What do we count as the biggest sporting day in Australia? Is it the AFL grand final? Maybe the NRL grand final? What about Melbourne Cup?
Discussion in the nutrition community has been flourishing around the concept of high-fat diets lately, and the concept of metabolic flexibility seems to have some logic behind it, which is why the professional cycling world has been paying attention.
Why would the cyclist bother though? Can’t we just lose fat by eating less on a regular diet? Why the need for another dietary gimmick? In fact, why lose fat at all?
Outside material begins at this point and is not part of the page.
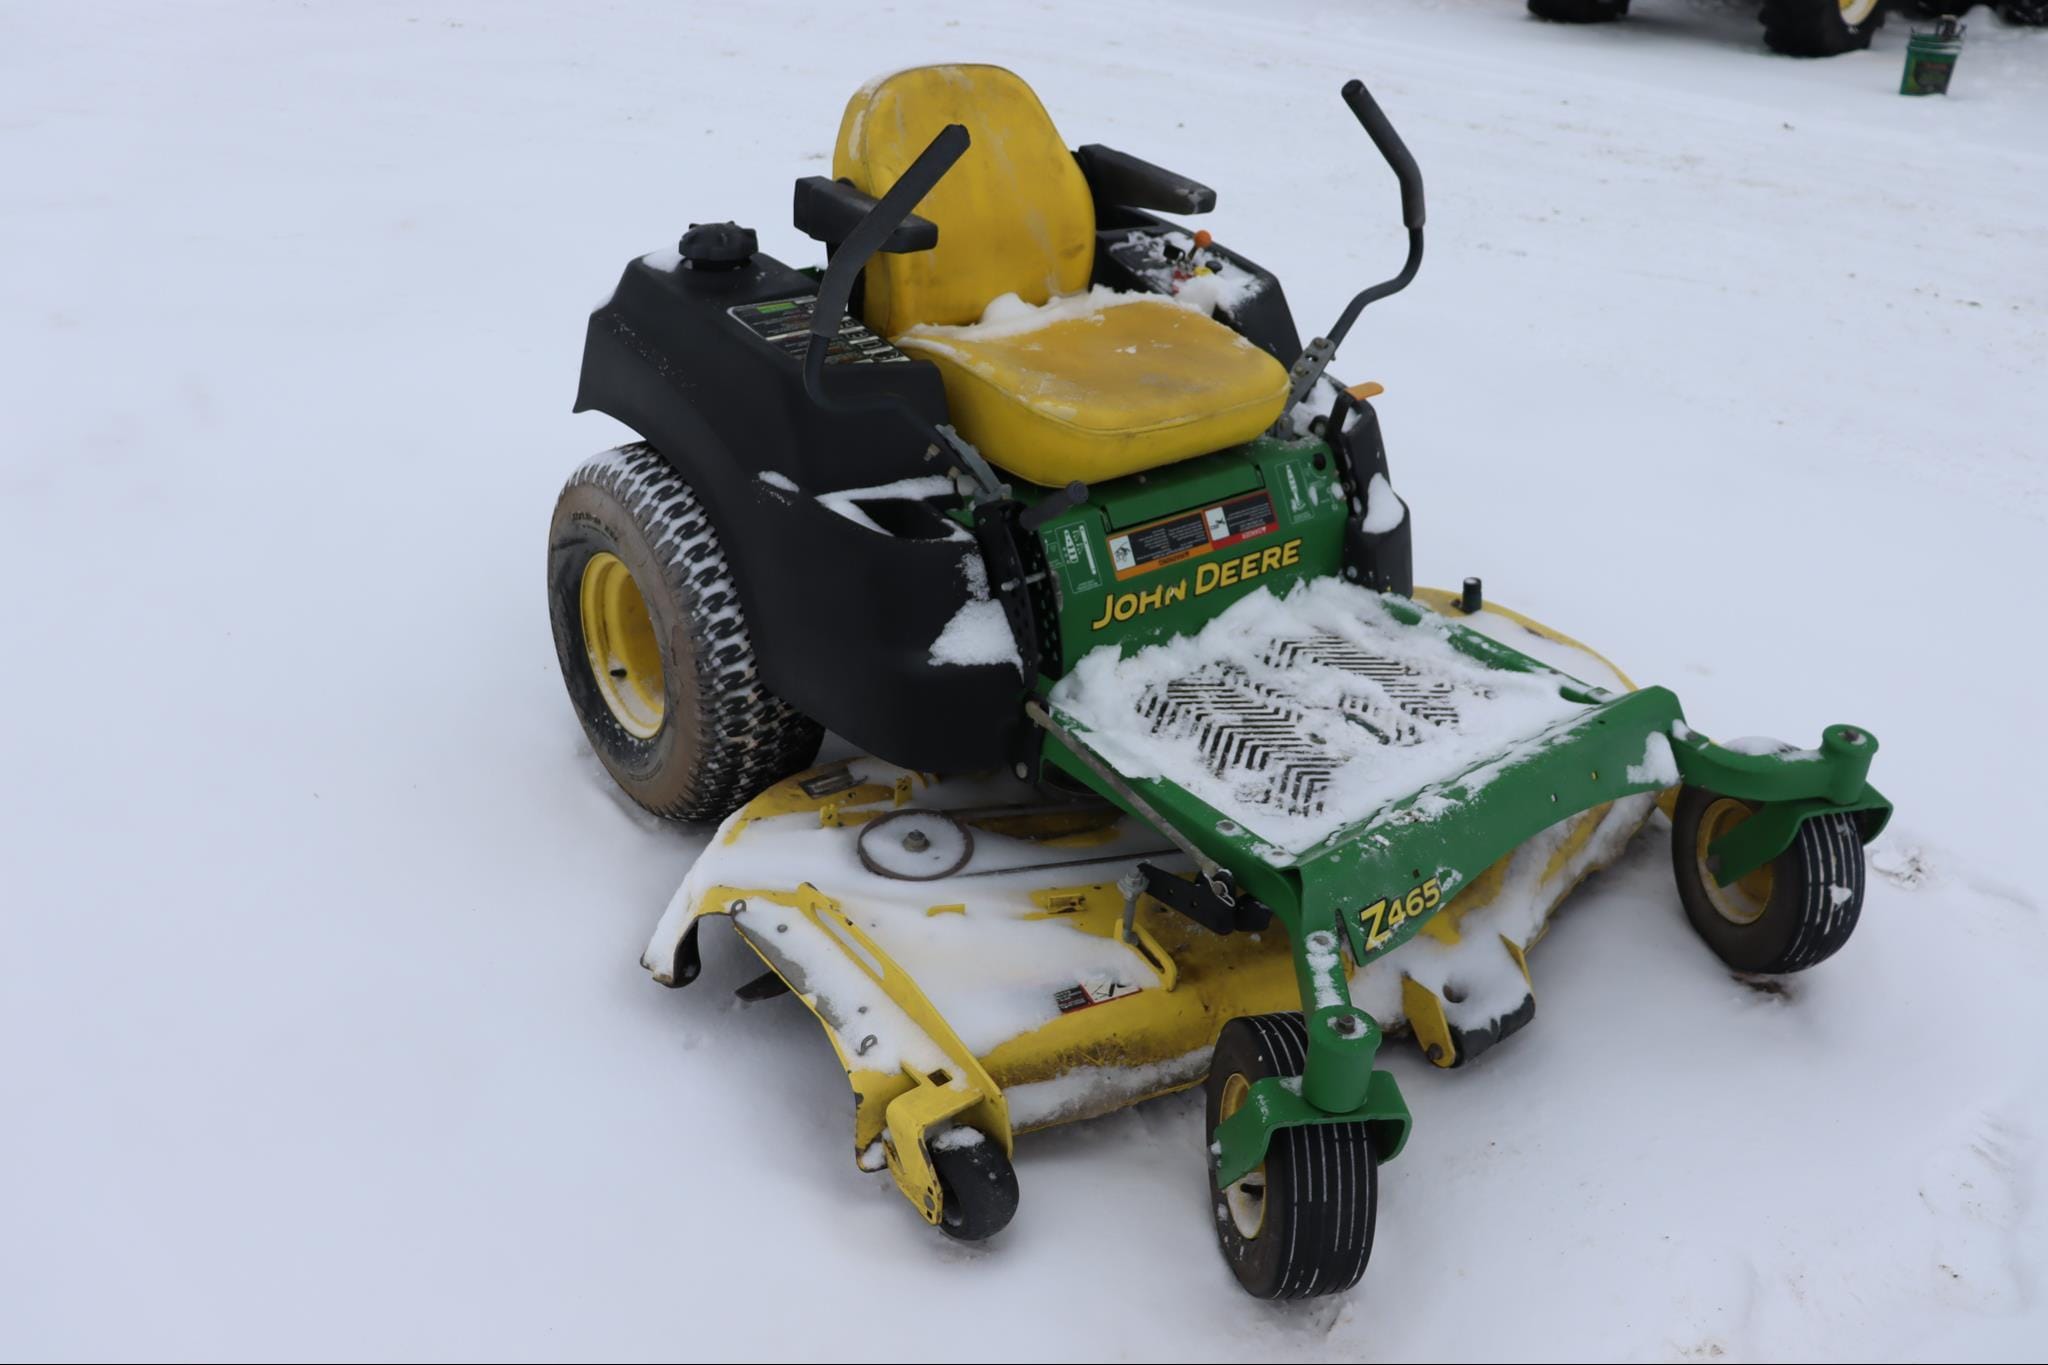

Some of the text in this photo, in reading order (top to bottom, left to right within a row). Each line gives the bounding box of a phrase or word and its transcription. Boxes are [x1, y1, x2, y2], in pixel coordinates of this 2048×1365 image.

The concept goes something like this: by intermittently restricting your body of carbohydrates, you’re forced to develop your ability to turn fats into energy, therefore becoming more efficient at doing so.
To simplify, this idea of ‘metabolic flexibility’ is adding flexibility to your body’s metabolism, thus increasing the body’s ability to derive energy from fats.
There are a couple of reasons such a movement might have merit in the cycling world. Not only does the human body generally have vast stores of fat to access as energy, both reducing body-fat and increasing power-to-weight, but fat has shown to be a ‘cleaner’ energy, producing less inflammation at the cellular level than energy from carbohydrate.
This latter point is contested, as well as being potentially irrelevant due to the fact that no research has yet shown that the human body can source energy from fat at extremely high heart-rates. Regardless though, the ability to derive energy from fat and reserve our carbohydrate stores for moments in need remains a huge potential benefit.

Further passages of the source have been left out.